Boom, Bust, and Bullion: The Rollercoaster Ride of Gold

Introduction
Money is the vital blood that circulates life through the economy, while gold is the immutable skeleton providing its underlying structure and stability.
When everything in the financial market was deteriorating, the corroding, shining yellow metal formed its own trail. For example, in 2008 global financial crisis and covid 2019, where the financial market was dripping like ice cream on a hot summer day, gold was like the cone on which investor wealth was being protected.
“Gold serves more as a hedge against risk than as a ticket to sudden fortune.”
Gold provides support during the time of crisis rather than a sudden capital gain. Gold investment provides stability and diversification to your portfolio rather than dividend. It is nonproductive investment.

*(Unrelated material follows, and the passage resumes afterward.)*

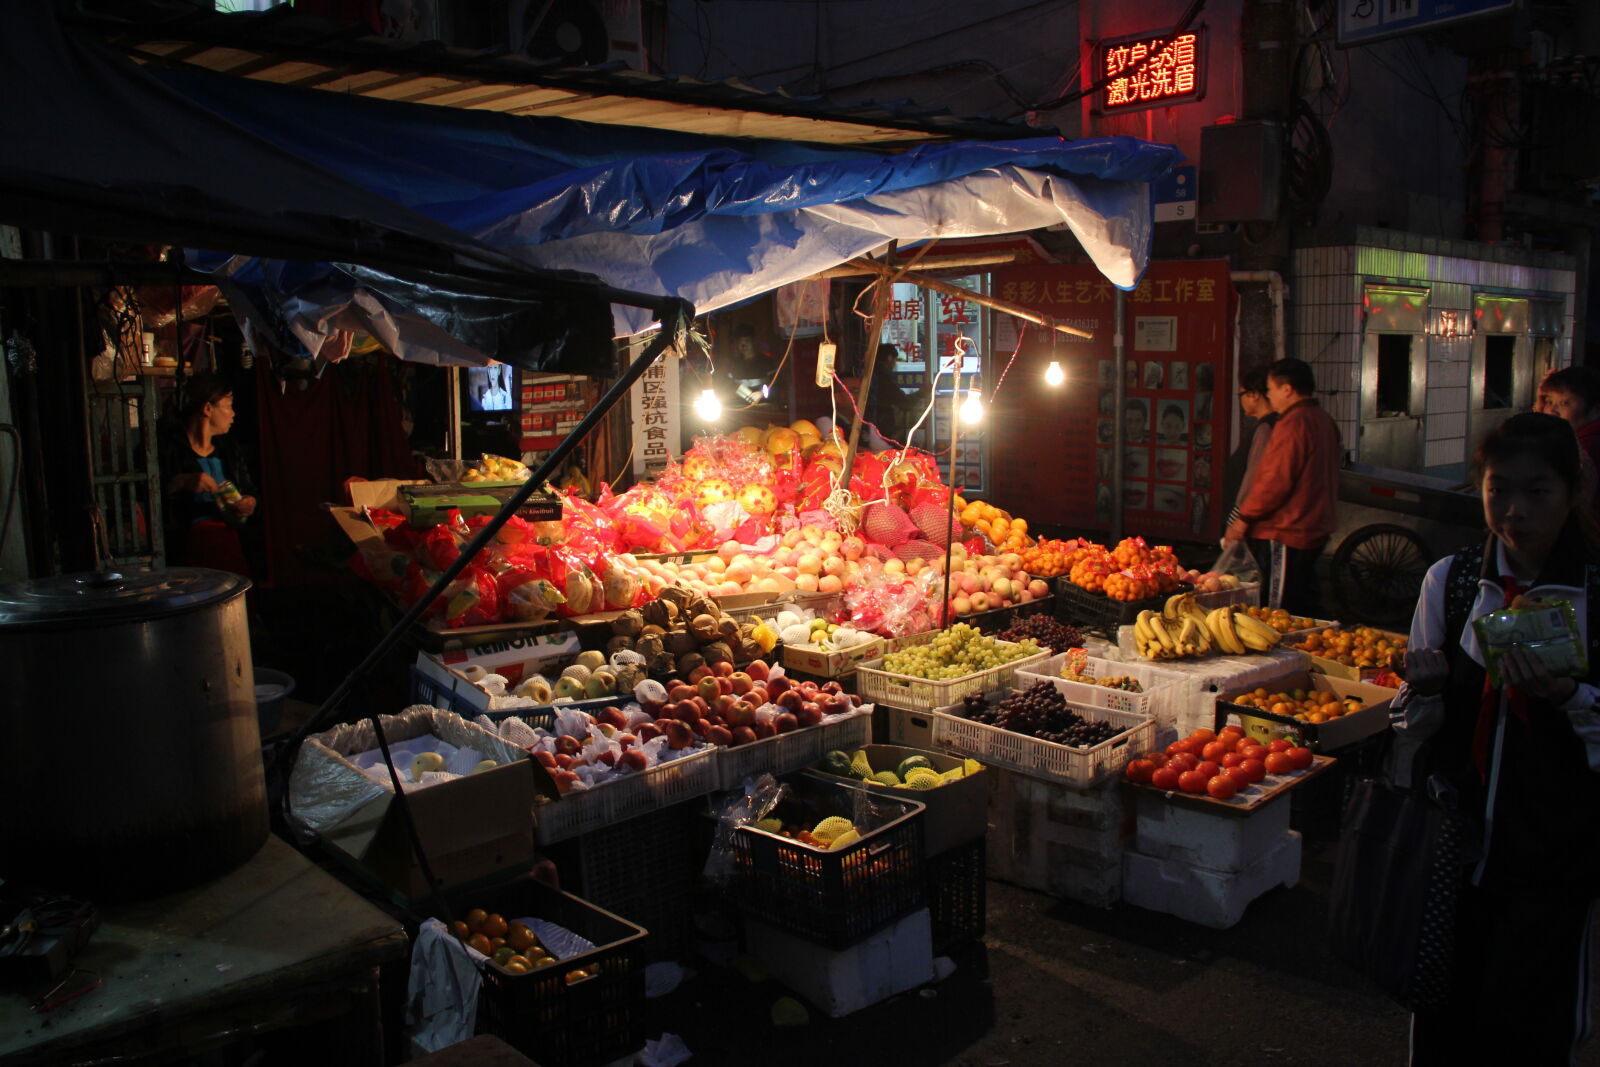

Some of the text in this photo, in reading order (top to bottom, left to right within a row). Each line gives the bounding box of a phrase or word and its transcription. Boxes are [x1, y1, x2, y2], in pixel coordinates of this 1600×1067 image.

[1107, 64, 1195, 105] 激光洗眉
[1177, 205, 1185, 216] S
[1002, 278, 1216, 303] 多彩人生艺术绣工作室

Gold has shown an unanticipated bull run as of October 2025, hitting all-time highs in the Indian and international markets. Gold is currently trading at ₹122,753 per 10 grams in India, breaking previous price records. Gold has reached an all-time high of $4,016.40 per ounce on the global market, reflecting the strong desire for safety in the face of geopolitical and financial unpredictability.
In addition to reflecting high demand and limited supply, this spike in gold prices also shows how governments, big institutions, and individual investors are thinking. The rally shows that everyone is looking for safety: governments are raising reserves to strengthen national financial security, institutional players are reallocating portfolios toward stable assets, and retail investors are looking for protection from inflation and uncertainty. In summary, the historic gold movement reflects anxiety around the world and the growing desire for stability at all economic levels.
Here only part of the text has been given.